== TASK DETAILS ==
What you return should be the exact lines from the one with "this 1288×966 image." to the end of the records below, both included, and no pictures.
INPUT DATA START
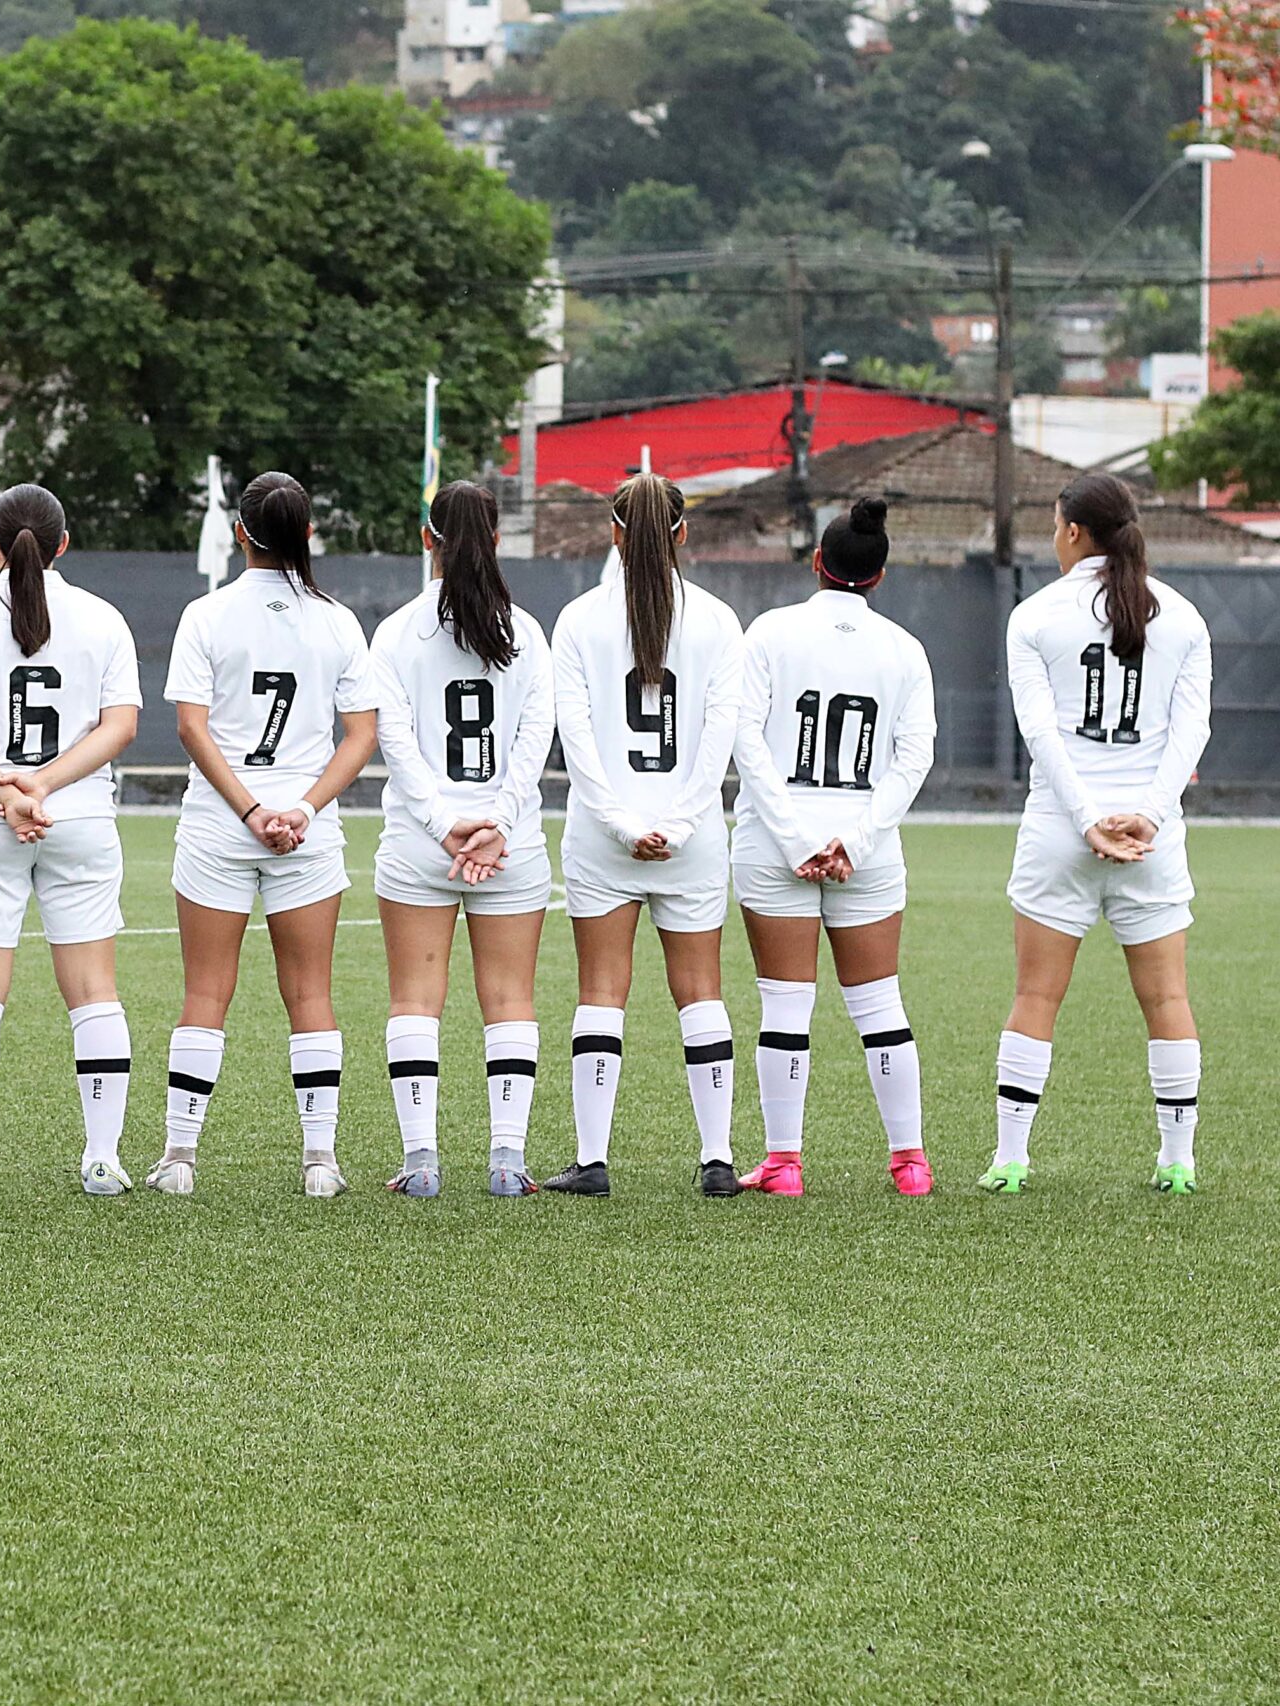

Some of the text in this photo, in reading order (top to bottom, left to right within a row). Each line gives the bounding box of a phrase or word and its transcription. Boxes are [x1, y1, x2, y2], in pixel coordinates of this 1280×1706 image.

[6, 666, 61, 767] 6
[244, 671, 298, 766] 7
[444, 679, 495, 783] 8
[625, 667, 677, 773] 9
[787, 689, 879, 790] 10
[1076, 643, 1144, 744] 11
[411, 1082, 420, 1105] SFC
[502, 1079, 511, 1101] SFC
[597, 1059, 605, 1086] SFC
[790, 1057, 799, 1080] SFC
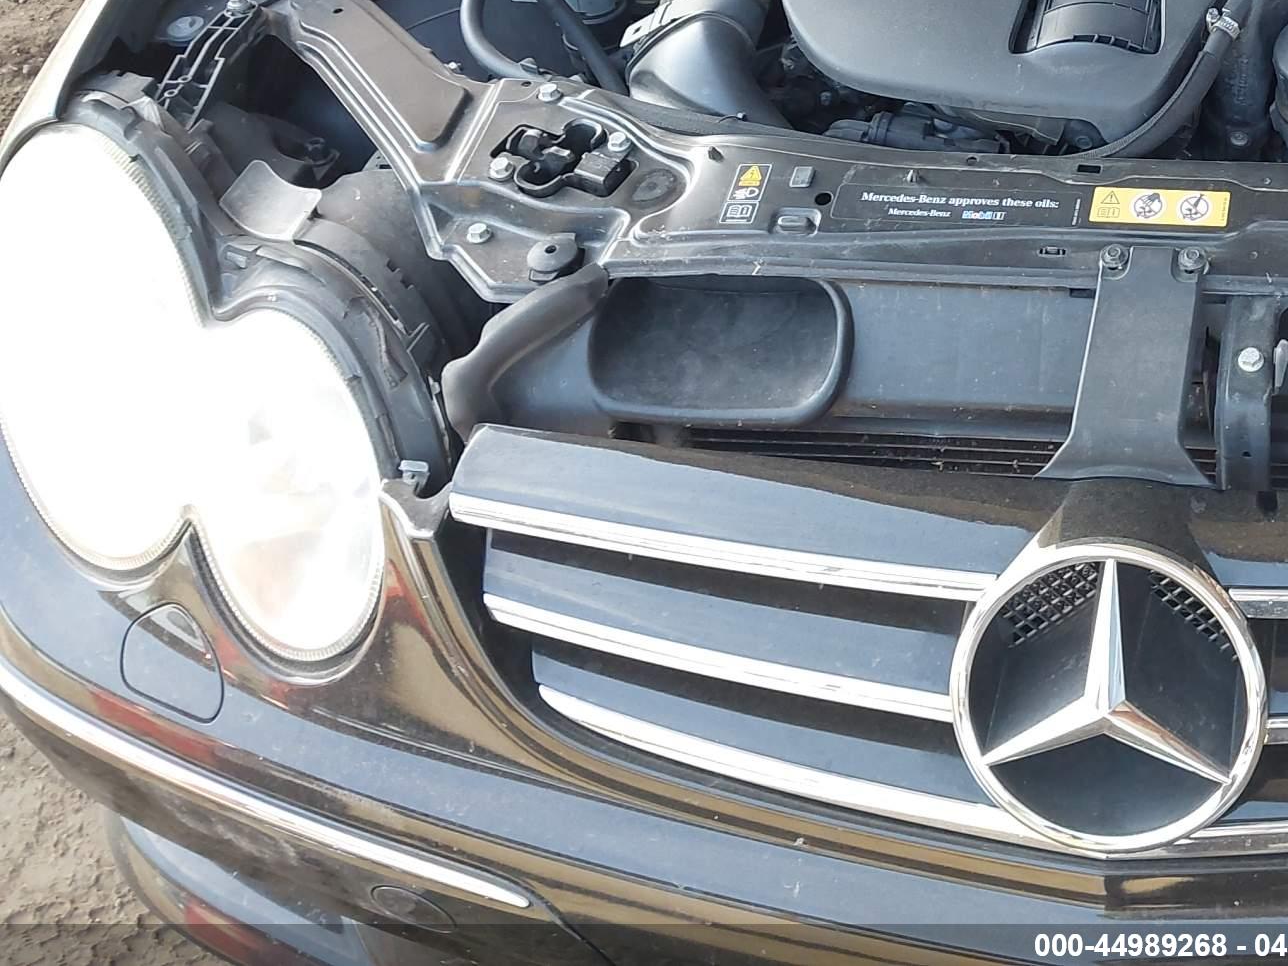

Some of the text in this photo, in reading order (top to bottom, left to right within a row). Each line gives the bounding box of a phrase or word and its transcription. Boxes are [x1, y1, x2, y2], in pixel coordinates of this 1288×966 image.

[861, 191, 1060, 209] Mercedes-Benz approves these oils:
[887, 207, 952, 218] Mercedes-Benz
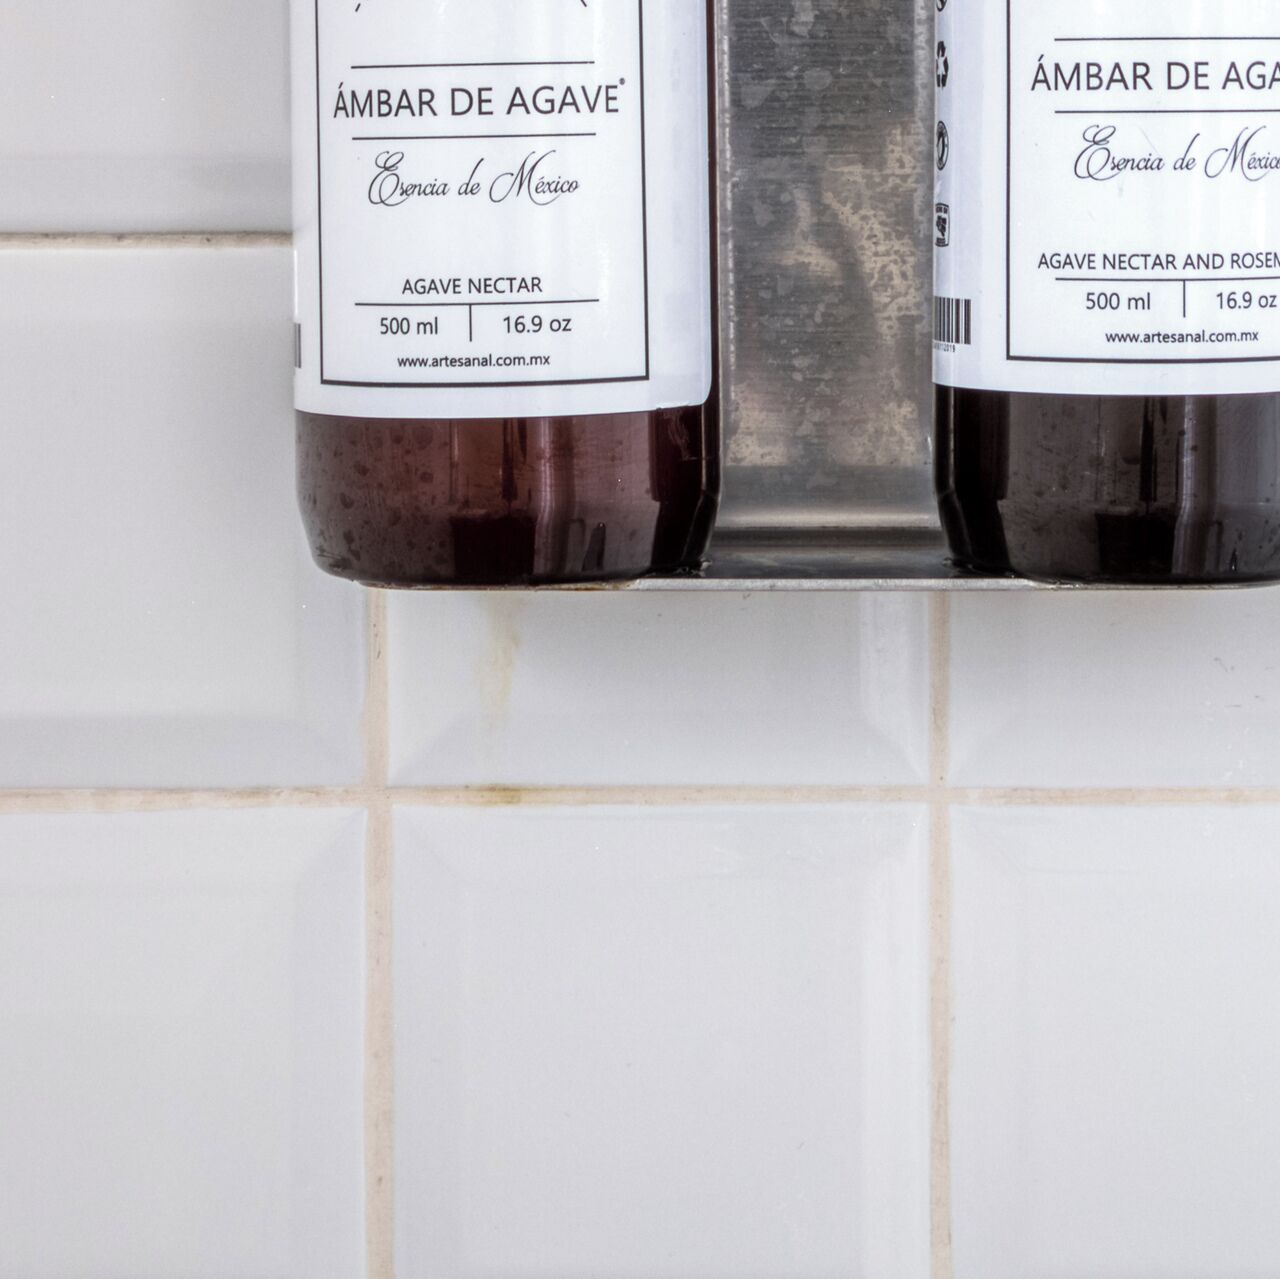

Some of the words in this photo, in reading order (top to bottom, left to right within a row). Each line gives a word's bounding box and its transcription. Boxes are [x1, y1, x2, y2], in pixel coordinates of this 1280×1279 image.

[1030, 53, 1154, 92] ÁMBAR
[1166, 60, 1211, 91] DE
[332, 81, 439, 119] ÁMBAR
[450, 86, 495, 117] DE
[1073, 124, 1166, 182] Esencia
[1172, 132, 1199, 172] de
[367, 150, 451, 208] Esencia
[457, 157, 485, 197] de
[488, 149, 580, 207] México
[1037, 252, 1097, 271] AGAVE
[1102, 252, 1178, 271] NECTAR
[1181, 252, 1225, 271] AND
[401, 277, 463, 296] AGAVE
[467, 276, 543, 295] NECTAR
[1085, 291, 1121, 311] 500
[1127, 291, 1151, 311] ml
[1215, 290, 1253, 310] 16.9
[1257, 294, 1278, 309] oz
[379, 316, 411, 336] 500
[416, 315, 439, 336] ml
[502, 314, 543, 335] 16.9
[549, 317, 573, 333] oz
[1104, 328, 1259, 344] www.artesanal.com.mx
[396, 352, 551, 368] www.artesanal.com.mx
INPUT DATA END
== ANSWER BELOW ==
Some of the text in this photo, in reading order (top to bottom, left to right within a row). Each line gives the bounding box of a phrase or word and its transcription. Boxes are [x1, y1, x2, y2], in pixel coordinates of this 1288×966 image.

[861, 191, 1060, 209] Mercedes-Benz approves these oils:
[887, 207, 952, 218] Mercedes-Benz

Some of the words in this photo, in reading order (top to bottom, left to right within a row). Each line gives a word's bounding box and its transcription. Boxes are [x1, y1, x2, y2], in pixel coordinates of this 1280×1279 image.

[1030, 53, 1154, 92] ÁMBAR
[1166, 60, 1211, 91] DE
[332, 81, 439, 119] ÁMBAR
[450, 86, 495, 117] DE
[1073, 124, 1166, 182] Esencia
[1172, 132, 1199, 172] de
[367, 150, 451, 208] Esencia
[457, 157, 485, 197] de
[488, 149, 580, 207] México
[1037, 252, 1097, 271] AGAVE
[1102, 252, 1178, 271] NECTAR
[1181, 252, 1225, 271] AND
[401, 277, 463, 296] AGAVE
[467, 276, 543, 295] NECTAR
[1085, 291, 1121, 311] 500
[1127, 291, 1151, 311] ml
[1215, 290, 1253, 310] 16.9
[1257, 294, 1278, 309] oz
[379, 316, 411, 336] 500
[416, 315, 439, 336] ml
[502, 314, 543, 335] 16.9
[549, 317, 573, 333] oz
[1104, 328, 1259, 344] www.artesanal.com.mx
[396, 352, 551, 368] www.artesanal.com.mx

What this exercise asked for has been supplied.